Humans were built for daydreams

Free Time - Jangle Jargon

Se potessi attraversare, guidando senza fretta, questa piccola regione della musica che amo, vorrei impostare sul navigatore le coordinate per un disco che si trova più o meno all’incrocio fra Twerps, Real Estate e Scott & Charlene’s Wedding. Prenderei il giro lungo, lascerei la strada panoramica che scende dalla Flying Nun, si inoltra nel quartiere australiano di Sandalgaze e sbuca più o meno tra Woodsist e Underwater Peoples. Arriverei in tempo per l’ora del tè e mi ritroverei proprio dalle parti di Jangle Jargon, il nuovo album dei Free Time: un quartiere accogliente, con le sue bellezze da scoprire, una di quelle zone che magari non attirano l’attenzione ma in cui ci si trova proprio bene. Potrei fermarmi qui per un sacco di tempo. 
Dion Nania era arrivato da Melbourne (lasciando tra l’altro la sua precedente formazione dei Panel Judge) per insegnare teoria politica a New York. Il suo principale interesse sono i movimenti sociali che nascono all’interno delle rivolte carcerarie. Poi approdato a Brooklyn si è trovato a suonare con musicisti del giro dei Woods, amici di amici, e poi, prendendosi tutto il tempo che occorreva (sei anni, per la precisione – pausa Covid compresa) ha dato un seguito all’ottimo In Search Of Free Time. Quando Nania scrive canzoni riesce a mettere in musica idee come l’onnipresenza del realismo capitalista, l’influenza delle gerarchie feudali sul nostro sistema di oppressione attuale, istantanee di piccoli paesaggi da cartolina descritti con delicatezza e disincanto, e riflessioni linguistiche sulla nostra maniera di parlare dell’indiepop stesso. Come dicevo, io mi trovo molto bene in questo quartiere. È lo spirito che lo anima a conquistarmi, qualcosa che ti fa sentire a tuo agio in una periferia – per proseguire la metafora – che non ha bisogno di nessun centro. 
C’è una specie di filo conduttore slacker e senza ansia lungo queste dieci canzoni, anche tra le più nervose come Never Your Turn oppure That’s Rare, che mi trasmette serenità.

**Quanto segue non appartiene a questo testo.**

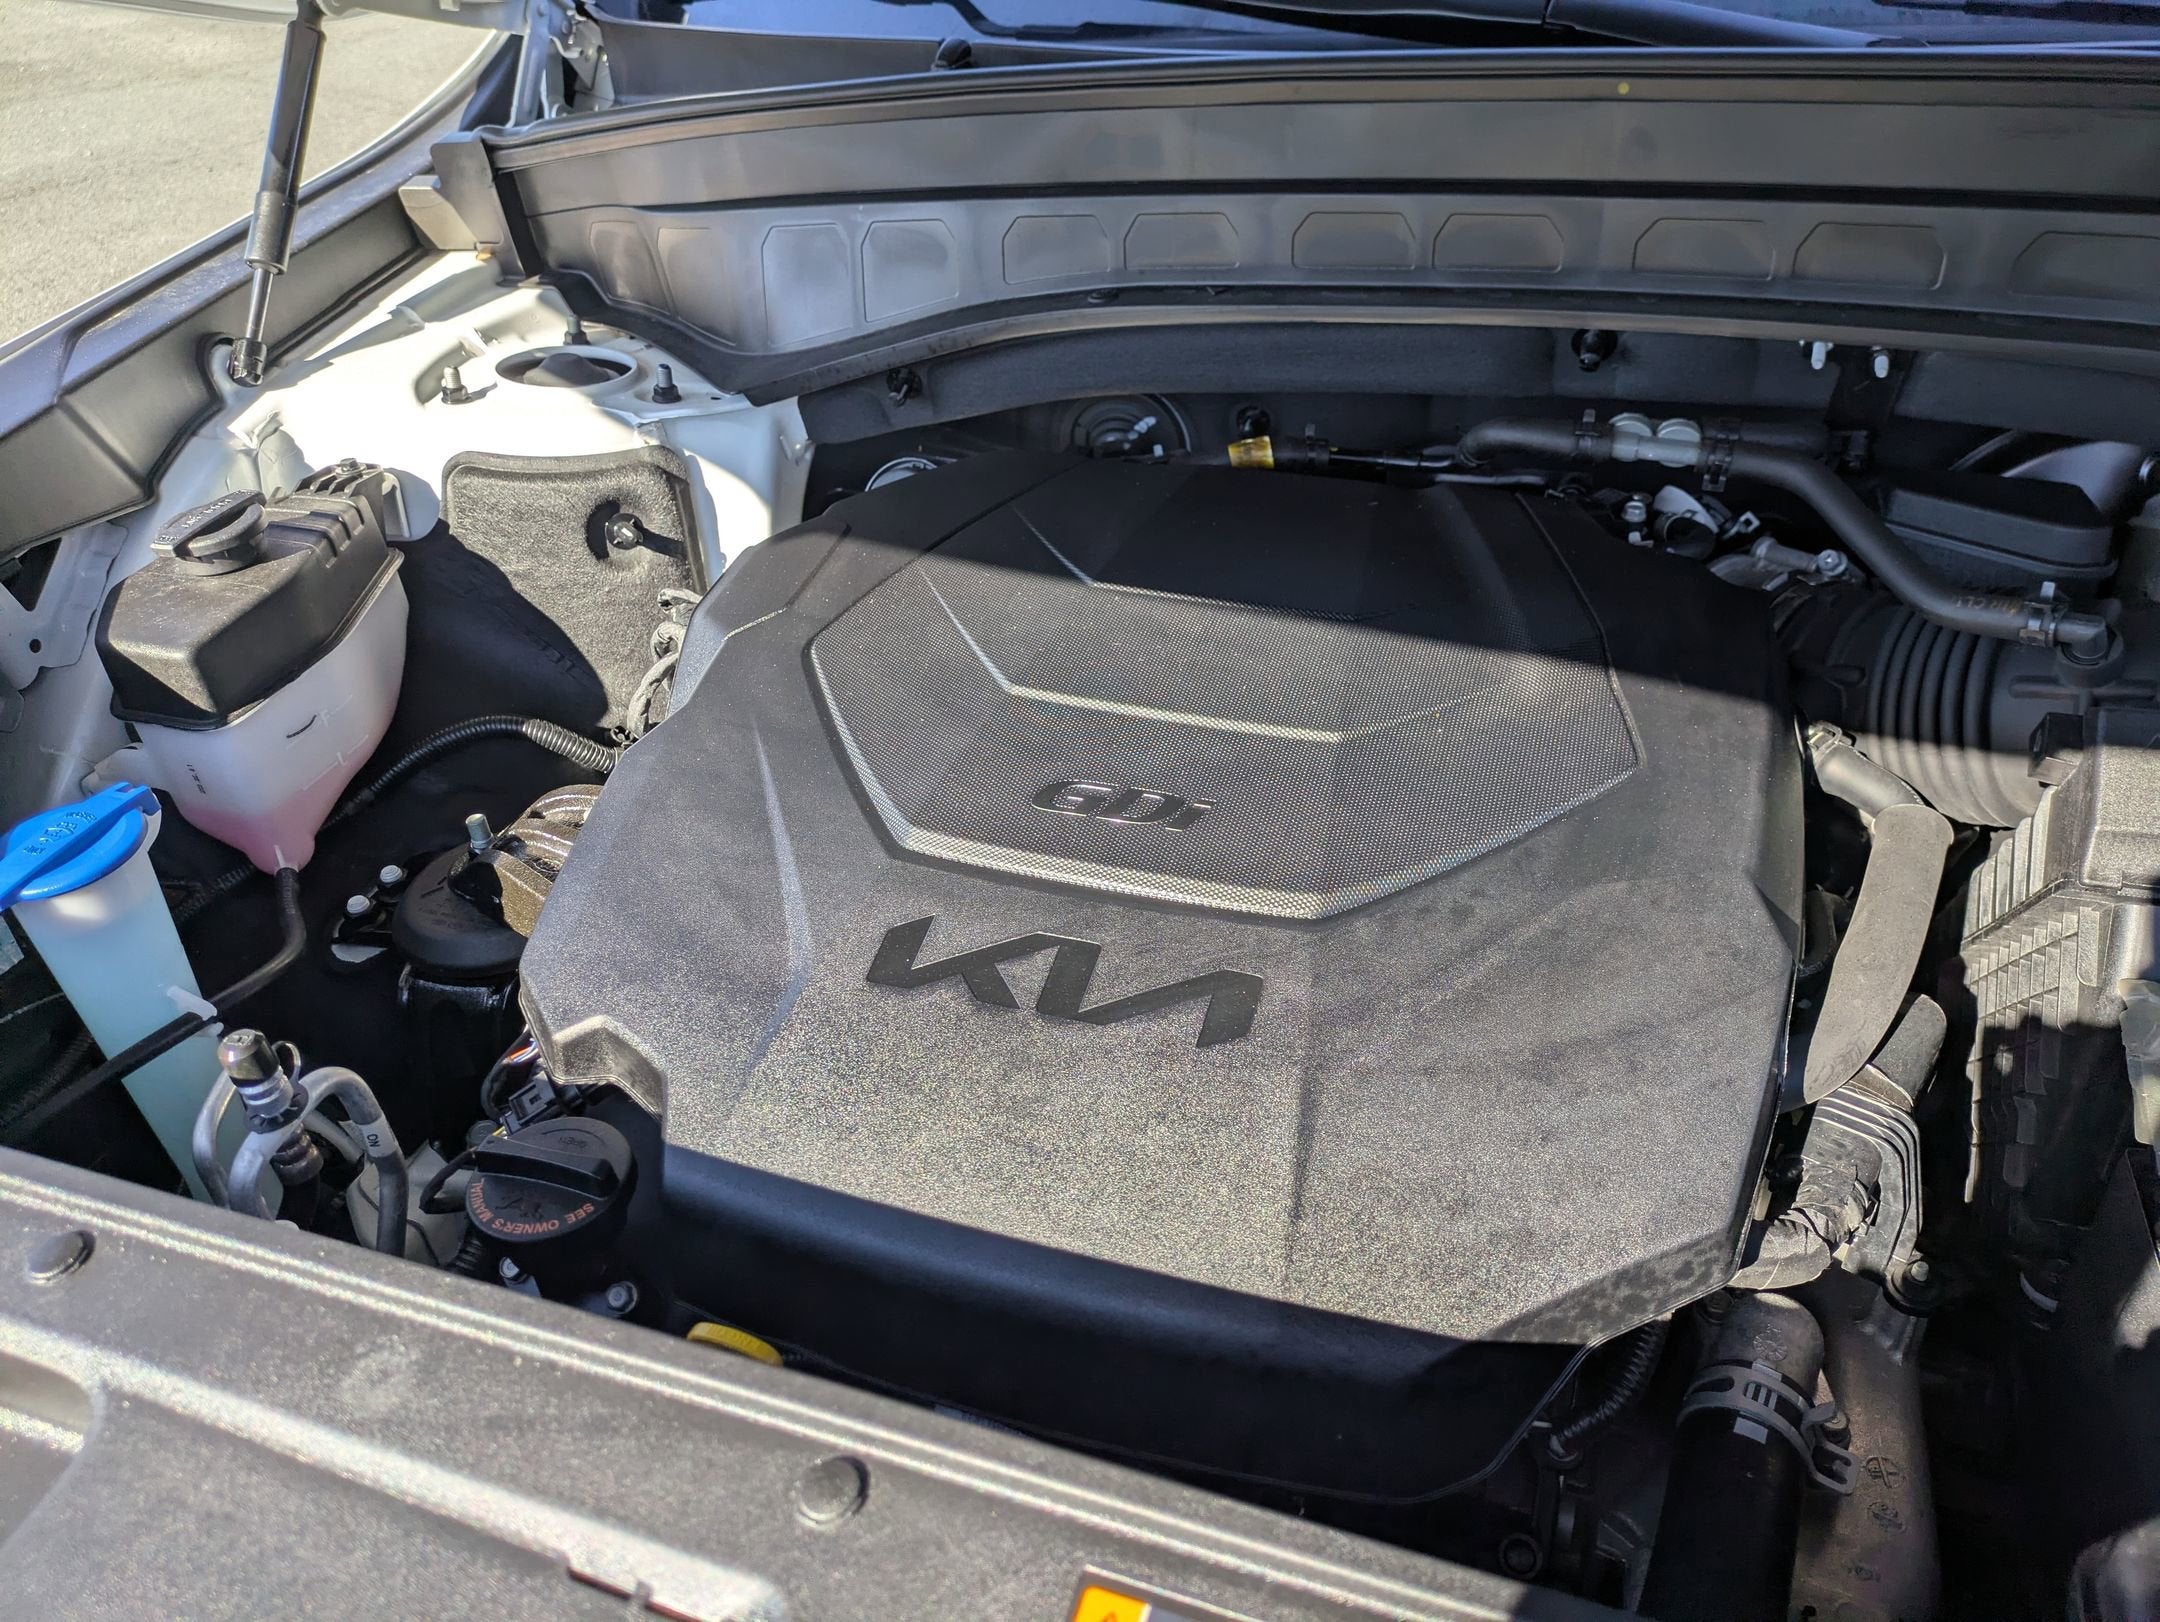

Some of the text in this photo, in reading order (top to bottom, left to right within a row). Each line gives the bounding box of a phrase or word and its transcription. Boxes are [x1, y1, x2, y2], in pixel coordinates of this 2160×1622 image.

Ehi, ora che ci penso, tra queste chitarre sulla terrazza al tramonto (la magnifica The Terrace), tra questi arrangiamenti di pianoforti leggeri (Long Centuries) o di delicati fiati sintetici (Beak In A Cup), dove trovano spazio anche un angoletto di quasi bossanova slegata (Disciplines And Mastery) o una cover dei Green On Red (la conclusiva Lost World) io posso dire di sentirmi proprio a casa.